_Task brief_
Everything in the records is to be written out exactly, except the pictures.

[[ Data excerpts open ]]

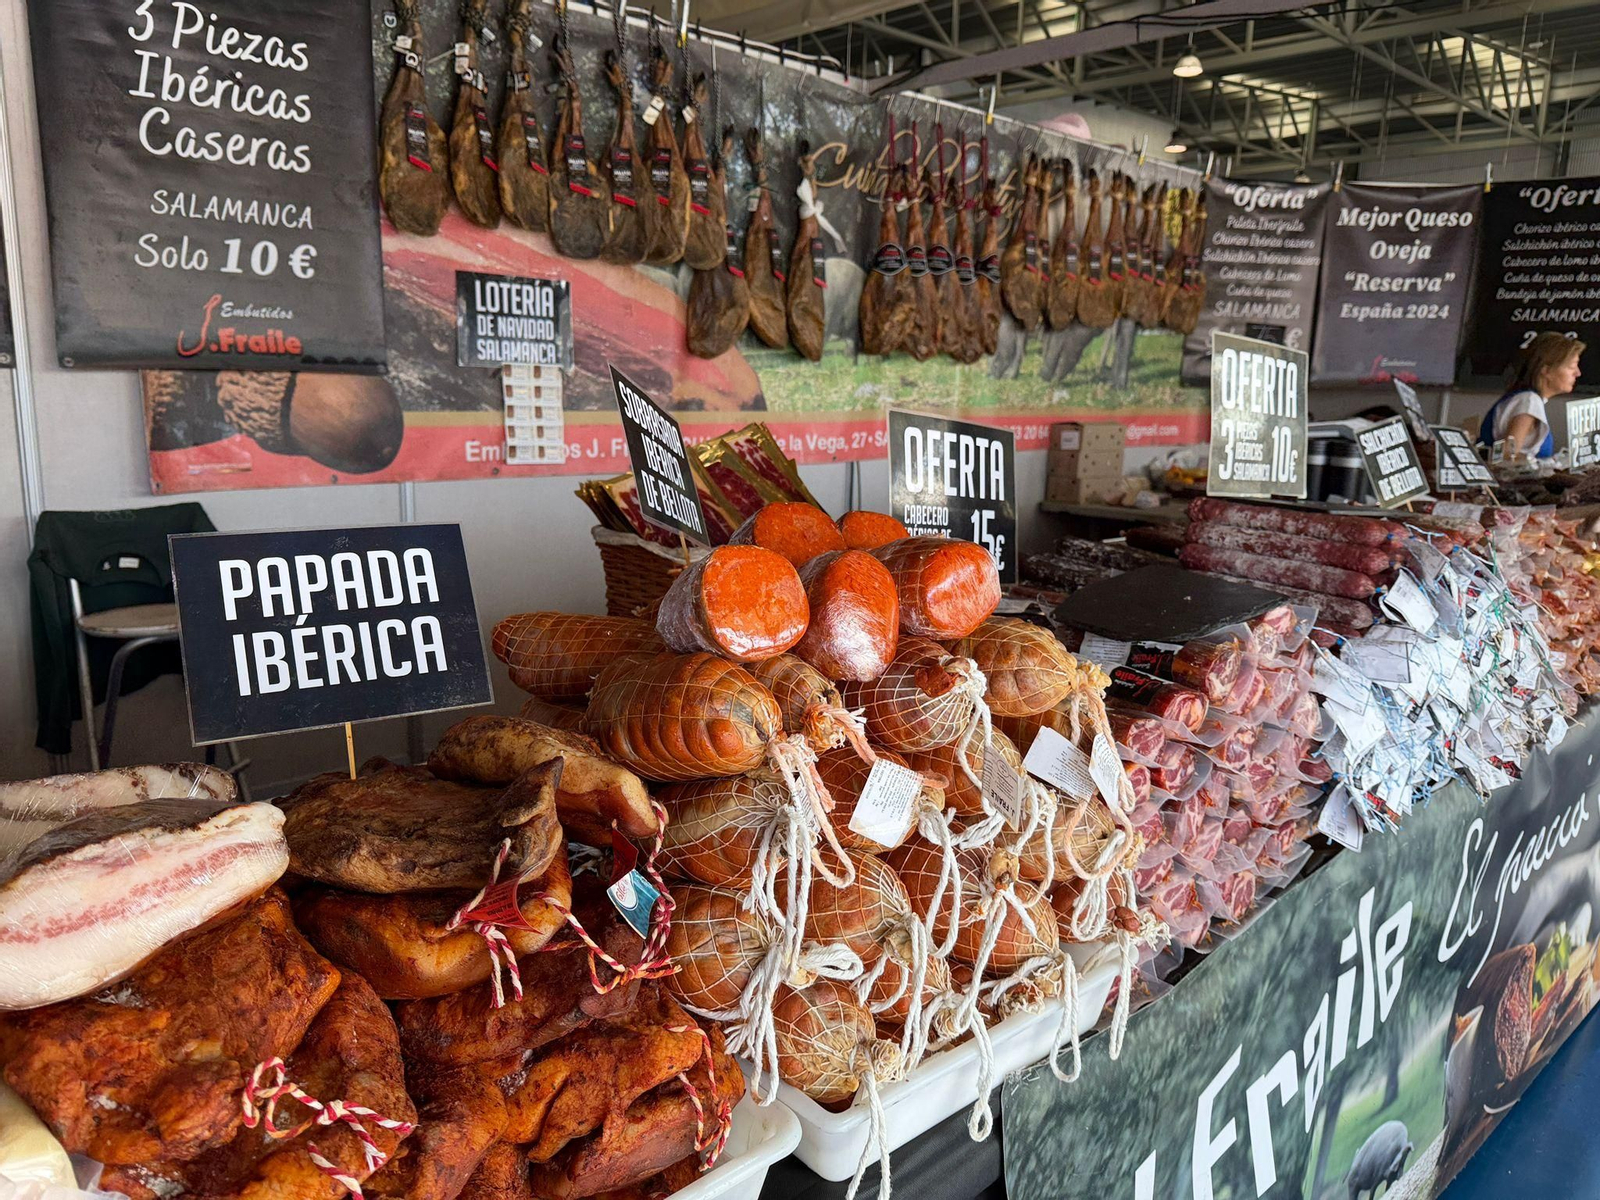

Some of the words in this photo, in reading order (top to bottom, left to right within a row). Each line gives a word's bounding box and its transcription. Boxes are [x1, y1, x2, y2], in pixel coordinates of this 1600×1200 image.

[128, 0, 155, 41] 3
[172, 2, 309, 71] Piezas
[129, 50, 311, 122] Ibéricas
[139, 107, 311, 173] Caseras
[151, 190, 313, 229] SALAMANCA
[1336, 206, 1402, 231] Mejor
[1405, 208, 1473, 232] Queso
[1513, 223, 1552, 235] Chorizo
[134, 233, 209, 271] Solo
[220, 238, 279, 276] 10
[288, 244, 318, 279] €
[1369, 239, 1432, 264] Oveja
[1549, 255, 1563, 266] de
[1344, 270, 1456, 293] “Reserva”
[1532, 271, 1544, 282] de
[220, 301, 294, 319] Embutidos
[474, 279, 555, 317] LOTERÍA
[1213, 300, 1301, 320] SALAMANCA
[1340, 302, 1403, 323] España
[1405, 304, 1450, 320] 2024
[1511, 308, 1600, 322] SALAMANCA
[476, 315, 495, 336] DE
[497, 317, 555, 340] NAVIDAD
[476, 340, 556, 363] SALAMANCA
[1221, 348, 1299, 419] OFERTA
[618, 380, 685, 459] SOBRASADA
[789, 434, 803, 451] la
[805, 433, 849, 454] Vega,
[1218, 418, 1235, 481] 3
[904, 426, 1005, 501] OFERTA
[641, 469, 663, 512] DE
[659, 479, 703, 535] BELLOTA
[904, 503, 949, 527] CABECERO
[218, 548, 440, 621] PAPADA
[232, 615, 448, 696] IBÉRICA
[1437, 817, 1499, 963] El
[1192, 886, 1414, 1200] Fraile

[[ Data excerpts closed ]]

_Response to the exercise_
Some of the words in this photo, in reading order (top to bottom, left to right within a row). Each line gives a word's bounding box and its transcription. Boxes are [x1, y1, x2, y2], in pixel coordinates of this 1600×1200 image.

[128, 0, 155, 41] 3
[172, 2, 309, 71] Piezas
[129, 50, 311, 122] Ibéricas
[139, 107, 311, 173] Caseras
[151, 190, 313, 229] SALAMANCA
[1336, 206, 1402, 231] Mejor
[1405, 208, 1473, 232] Queso
[1513, 223, 1552, 235] Chorizo
[134, 233, 209, 271] Solo
[220, 238, 279, 276] 10
[288, 244, 318, 279] €
[1369, 239, 1432, 264] Oveja
[1549, 255, 1563, 266] de
[1344, 270, 1456, 293] “Reserva”
[1532, 271, 1544, 282] de
[220, 301, 294, 319] Embutidos
[474, 279, 555, 317] LOTERÍA
[1213, 300, 1301, 320] SALAMANCA
[1340, 302, 1403, 323] España
[1405, 304, 1450, 320] 2024
[1511, 308, 1600, 322] SALAMANCA
[476, 315, 495, 336] DE
[497, 317, 555, 340] NAVIDAD
[476, 340, 556, 363] SALAMANCA
[1221, 348, 1299, 419] OFERTA
[618, 380, 685, 459] SOBRASADA
[789, 434, 803, 451] la
[805, 433, 849, 454] Vega,
[1218, 418, 1235, 481] 3
[904, 426, 1005, 501] OFERTA
[641, 469, 663, 512] DE
[659, 479, 703, 535] BELLOTA
[904, 503, 949, 527] CABECERO
[218, 548, 440, 621] PAPADA
[232, 615, 448, 696] IBÉRICA
[1437, 817, 1499, 963] El
[1192, 886, 1414, 1200] Fraile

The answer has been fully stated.